The anterolateral papillary muscle receives two blood supplies: the LAD and LCX, and is therefore somewhat resistant to coronary ischemia. On the other hand, the posteromedial papillary muscle is supplied only by the PDA. This makes the posteromedial papillary muscle significantly more susceptible to ischemia. The clinical significance of this is that a myocardial infarction involving the PDA is more likely to cause mitral regurgitation.

Coronary flow

During contraction of the ventricular myocardium (systole), the subendocardial coronary vessels (the vessels that enter the myocardium) are compressed due to the high intraventricular pressures. However the epicardial coronary vessels (the vessels that run along the outer surface of the heart) remain patent. Because of this, blood flow in the subendocardium stops. As a result most myocardial perfusion occurs during heart relaxation (diastole) when the subendocardial coronary vessels are patent and under low pressure. This contributes to the filling difficulties of the coronary arteries.

The primary determinant of coronary blood flow is the level of myocardial/cardiac oxygen consumption. As the heart beats more vigorously, ATP is consumed at a greater rate due to the increased force and/or frequency of contraction and the depolarization and repolarization of the cardiac membrane potential. The increase in oxygen consumption results in the release of a vasodilator substance, the identity of which remains unknown. The vasodilator reduces vascular resistance and allows more blood to flow through the heart during each diastole. Systolic compression remains the same. Failure of oxygen delivery via increases in blood flow to meet the increased oxygen demand of the heart results in tissue ischemia, a condition of oxygen debt. Brief ischemia is associated with intense chest pain, known as angina. Severe ischemia can cause the heart muscle to die of oxygen starvation, called a myocardial infarction. Chronic moderate ischemia causes contraction of the heart to weaken, known as myocardial hibernation.
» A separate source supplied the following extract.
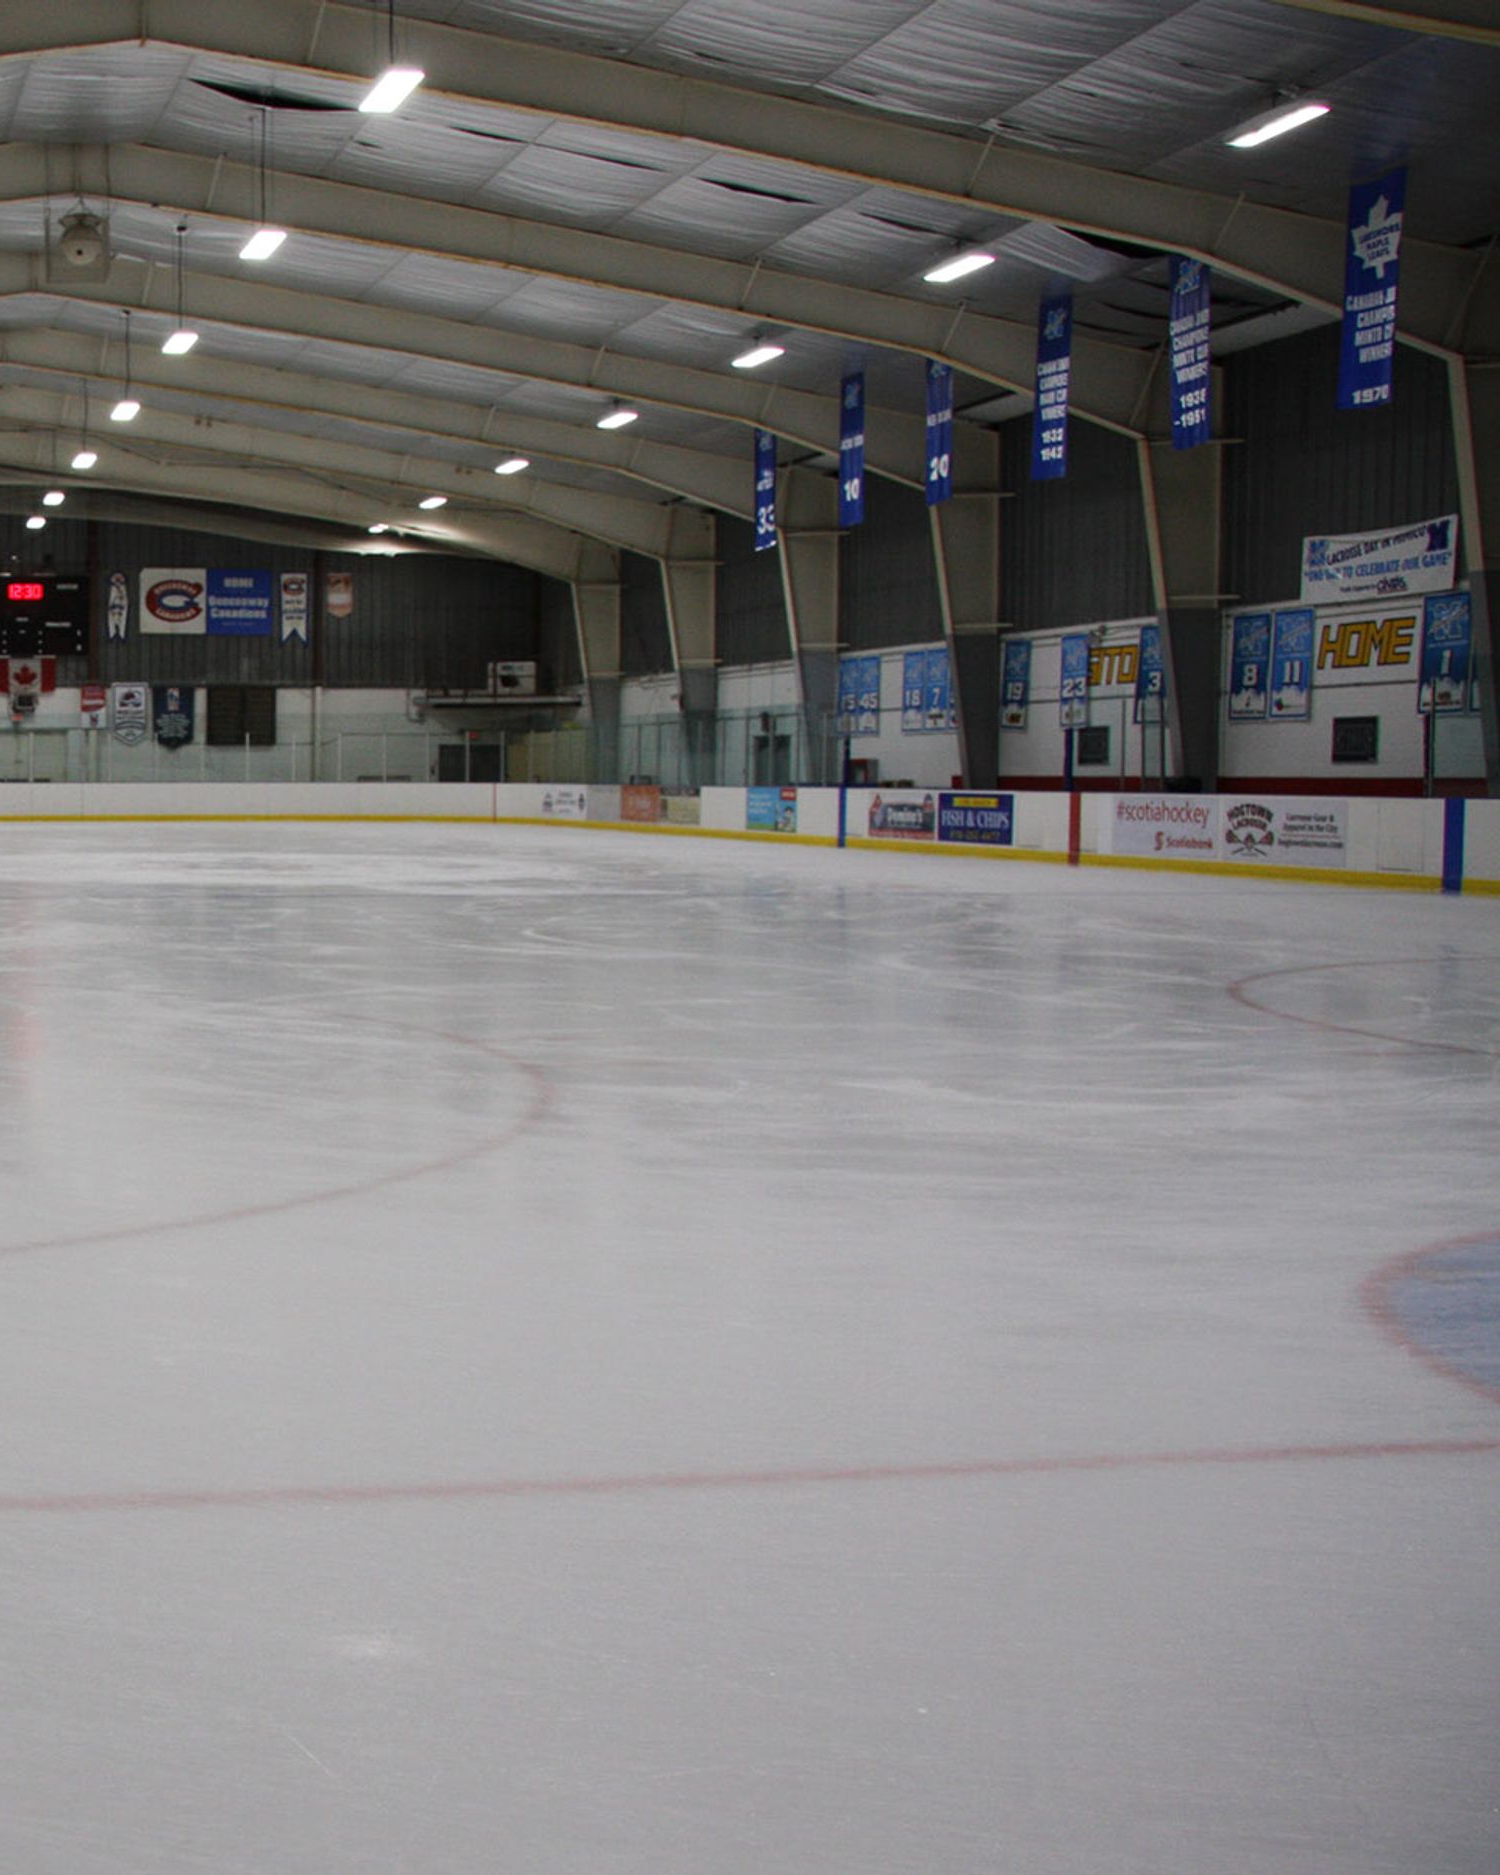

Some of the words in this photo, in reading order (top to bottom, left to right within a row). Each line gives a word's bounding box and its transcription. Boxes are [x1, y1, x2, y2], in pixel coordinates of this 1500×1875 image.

In addition to metabolism, the coronary circulation possesses unique pharmacologic characteristics. Prominent among these is its reactivity to adrenergic stimulation. The majority of circulation in the body constrict to norepinephrine, a sympathetic neurotransmitter the body uses to increases blood pressure. In the coronary circulation, norepinephrine elicits vasodilation, due to the predominance of beta-adrenergic receptors in the coronary circulation. Agonists of alpha-receptors, such as phenylephrine, elicit very little constriction in the coronary circulation.